A February report from the Minnesota Department of Health said that state’s ongoing health disparities “mean that compared to whites, people of color and American Indians in Minnesota experience shorter life spans; higher rates of infant mortality; higher incidences of diabetes, heart disease, cancer, and other diseases and conditions; and poorer general health.”
Research shows implicit and explicit bias and discrimination in clinical settings lead to worse health outcomes for people of color, like a lack of accurate diagnosis or being provided fewer options for pain management. A 2014 study found a link between implicit bias and cognitive stressors, like crowded emergency departments.
“I can’t tell you the number of times I’ve been gaslit—even in my current capacity as commissioner—going to the doctor’s office, talking about pain, talking about things that I’m experiencing, and not being taken seriously,” Conley said. “Hennepin Healthcare absolutely needs to do this,” she said of the equity effort. “Health care is an institution, just like our governments or institutions, and they are notorious for perpetuating institutionalized racism.”
Social determinants of health, including access, education, and economic stability, can play a significant role in the health of patients and ultimately whether they’re able to follow through on a treatment plan or get treatment at all.
About a year ago, a patient came to see Dr. Rahel Nardos at the University of Minnesota.
Nardos, who’s not affiliated with Hennepin Healthcare, specializes in female pelvic medicine and is director of global women’s health at the U’s Center for Global Health and Social Responsibility.
She often sees patients with pelvic floor issues, typically related to childbirth. But some also come in with damage as a result of female genital mutilation, a ritualistic nonmedical cutting of genitalia common in some parts of the world but illegal on children in the U.S.
The patient has severe chronic pain as a result of the practice when she was young, and the numerous surgeries she’s had to resolve the issue.
“She actually goes to the emergency room regularly because of severe pain, and no one can find what’s wrong with her,” Nardos said. “Because all the imaging they do, which they keep doing, is normal.”
When Nardos saw her, she recognized that the patient is also experiencing symptoms of post-traumatic stress as a result of what happened. And after a number of false starts finding an interpreter the patient felt comfortable with, the two decided on a course of action: surgery followed by an integrated approach of mental health care and pelvic floor physical therapy.
Despite that, one year later, her patient is still unable to access much of the ongoing care that Dr. Nardos referred her to. She lives far from the Twin Cities and doesn’t have reliable transportation, so getting to regular appointments is difficult. Coupled with the language barrier and ongoing mental health issues, Nardos said “she just falls through the cracks.”
“The work that I did surgically didn’t actually succeed because she needed those kinds of follow up care in order for my work to be successful,” she said. “I’m still actually trying to figure out how to help her.”

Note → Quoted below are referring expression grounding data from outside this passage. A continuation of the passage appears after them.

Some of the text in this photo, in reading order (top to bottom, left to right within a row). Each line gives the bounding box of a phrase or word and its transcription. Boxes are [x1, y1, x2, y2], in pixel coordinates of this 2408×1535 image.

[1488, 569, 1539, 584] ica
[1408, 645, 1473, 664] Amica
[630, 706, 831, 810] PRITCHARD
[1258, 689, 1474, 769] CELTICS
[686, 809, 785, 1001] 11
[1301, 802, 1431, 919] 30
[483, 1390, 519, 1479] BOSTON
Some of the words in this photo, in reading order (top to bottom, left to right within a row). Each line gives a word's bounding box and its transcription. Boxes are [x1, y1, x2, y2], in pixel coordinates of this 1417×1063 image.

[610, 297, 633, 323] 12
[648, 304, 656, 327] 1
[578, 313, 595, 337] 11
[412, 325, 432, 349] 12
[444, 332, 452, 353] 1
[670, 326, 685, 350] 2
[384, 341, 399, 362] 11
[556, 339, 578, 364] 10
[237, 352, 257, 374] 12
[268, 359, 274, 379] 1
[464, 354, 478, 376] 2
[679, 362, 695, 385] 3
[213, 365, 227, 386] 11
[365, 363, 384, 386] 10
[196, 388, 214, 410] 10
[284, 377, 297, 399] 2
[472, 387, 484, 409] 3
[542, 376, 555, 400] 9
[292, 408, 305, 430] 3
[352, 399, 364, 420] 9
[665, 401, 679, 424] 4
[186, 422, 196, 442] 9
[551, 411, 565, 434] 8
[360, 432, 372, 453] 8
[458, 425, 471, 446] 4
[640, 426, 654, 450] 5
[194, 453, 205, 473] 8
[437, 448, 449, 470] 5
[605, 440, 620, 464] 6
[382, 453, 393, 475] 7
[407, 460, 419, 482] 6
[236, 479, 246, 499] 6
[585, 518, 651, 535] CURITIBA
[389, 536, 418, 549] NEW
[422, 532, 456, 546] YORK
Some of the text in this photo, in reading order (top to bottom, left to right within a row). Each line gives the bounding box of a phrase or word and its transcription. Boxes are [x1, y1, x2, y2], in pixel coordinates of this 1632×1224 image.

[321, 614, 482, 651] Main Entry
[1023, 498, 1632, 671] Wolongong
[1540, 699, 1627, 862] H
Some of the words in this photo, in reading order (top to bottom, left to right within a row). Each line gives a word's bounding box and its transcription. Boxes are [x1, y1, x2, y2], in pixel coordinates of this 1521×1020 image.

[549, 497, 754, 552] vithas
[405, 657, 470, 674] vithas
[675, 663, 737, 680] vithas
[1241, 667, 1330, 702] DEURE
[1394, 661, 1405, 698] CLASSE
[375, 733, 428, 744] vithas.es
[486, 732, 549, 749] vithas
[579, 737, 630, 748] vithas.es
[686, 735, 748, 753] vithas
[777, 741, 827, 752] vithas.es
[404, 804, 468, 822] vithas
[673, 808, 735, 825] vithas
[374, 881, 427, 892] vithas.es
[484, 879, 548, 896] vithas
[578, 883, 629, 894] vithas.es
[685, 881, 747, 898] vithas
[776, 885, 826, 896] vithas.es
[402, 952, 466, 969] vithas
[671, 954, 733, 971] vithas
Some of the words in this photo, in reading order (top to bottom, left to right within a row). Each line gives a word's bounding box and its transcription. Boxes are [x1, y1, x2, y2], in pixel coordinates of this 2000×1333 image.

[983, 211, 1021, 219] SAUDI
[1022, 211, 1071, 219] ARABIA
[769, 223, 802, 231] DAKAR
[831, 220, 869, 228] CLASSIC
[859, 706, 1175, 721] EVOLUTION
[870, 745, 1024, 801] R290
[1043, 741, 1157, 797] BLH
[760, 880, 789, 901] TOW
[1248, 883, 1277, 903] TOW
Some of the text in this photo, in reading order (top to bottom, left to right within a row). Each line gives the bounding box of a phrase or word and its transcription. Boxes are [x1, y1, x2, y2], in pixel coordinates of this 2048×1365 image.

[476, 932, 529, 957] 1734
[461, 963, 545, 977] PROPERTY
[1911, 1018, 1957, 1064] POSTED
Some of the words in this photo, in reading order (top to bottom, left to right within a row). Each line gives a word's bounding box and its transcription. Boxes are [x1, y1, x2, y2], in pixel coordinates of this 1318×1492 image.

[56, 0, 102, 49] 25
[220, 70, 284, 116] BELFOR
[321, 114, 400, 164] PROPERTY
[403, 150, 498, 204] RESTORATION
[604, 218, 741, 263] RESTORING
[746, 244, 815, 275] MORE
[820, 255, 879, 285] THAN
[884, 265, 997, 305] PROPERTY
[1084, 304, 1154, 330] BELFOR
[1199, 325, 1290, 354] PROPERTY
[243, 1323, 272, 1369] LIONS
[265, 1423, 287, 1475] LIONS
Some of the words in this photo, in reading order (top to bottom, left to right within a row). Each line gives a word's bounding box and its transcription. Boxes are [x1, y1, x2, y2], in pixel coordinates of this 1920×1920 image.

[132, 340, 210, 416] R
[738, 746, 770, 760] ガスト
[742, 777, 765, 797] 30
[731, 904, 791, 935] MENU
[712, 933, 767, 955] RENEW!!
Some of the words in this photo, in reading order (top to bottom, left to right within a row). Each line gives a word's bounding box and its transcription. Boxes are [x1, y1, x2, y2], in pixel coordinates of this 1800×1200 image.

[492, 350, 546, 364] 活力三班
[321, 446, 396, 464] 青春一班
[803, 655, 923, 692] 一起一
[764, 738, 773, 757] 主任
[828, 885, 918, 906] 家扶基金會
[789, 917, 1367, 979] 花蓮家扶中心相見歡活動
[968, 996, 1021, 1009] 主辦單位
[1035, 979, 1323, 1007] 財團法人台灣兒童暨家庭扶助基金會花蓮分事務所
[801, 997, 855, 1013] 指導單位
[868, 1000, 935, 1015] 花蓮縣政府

These barriers to care, from navigating cultural and language differences, to the economic disparities around transportation and housing are just some of the challenges patients can encounter when they try to access health care.
“When we talk about health equity, it’s not a quick fix. We need the whole system to be better,” said Nardos, who views the Hennepin Healthcare Compass effort as a step in the right direction for the hospital and the health system.
“I think that general awareness of the story, [the] context, the bias and the racism, all those things, it’s important to discuss those things,” she said. “Ultimately, it comes to you, as a person, and your practice and how you want to show up in the real world.”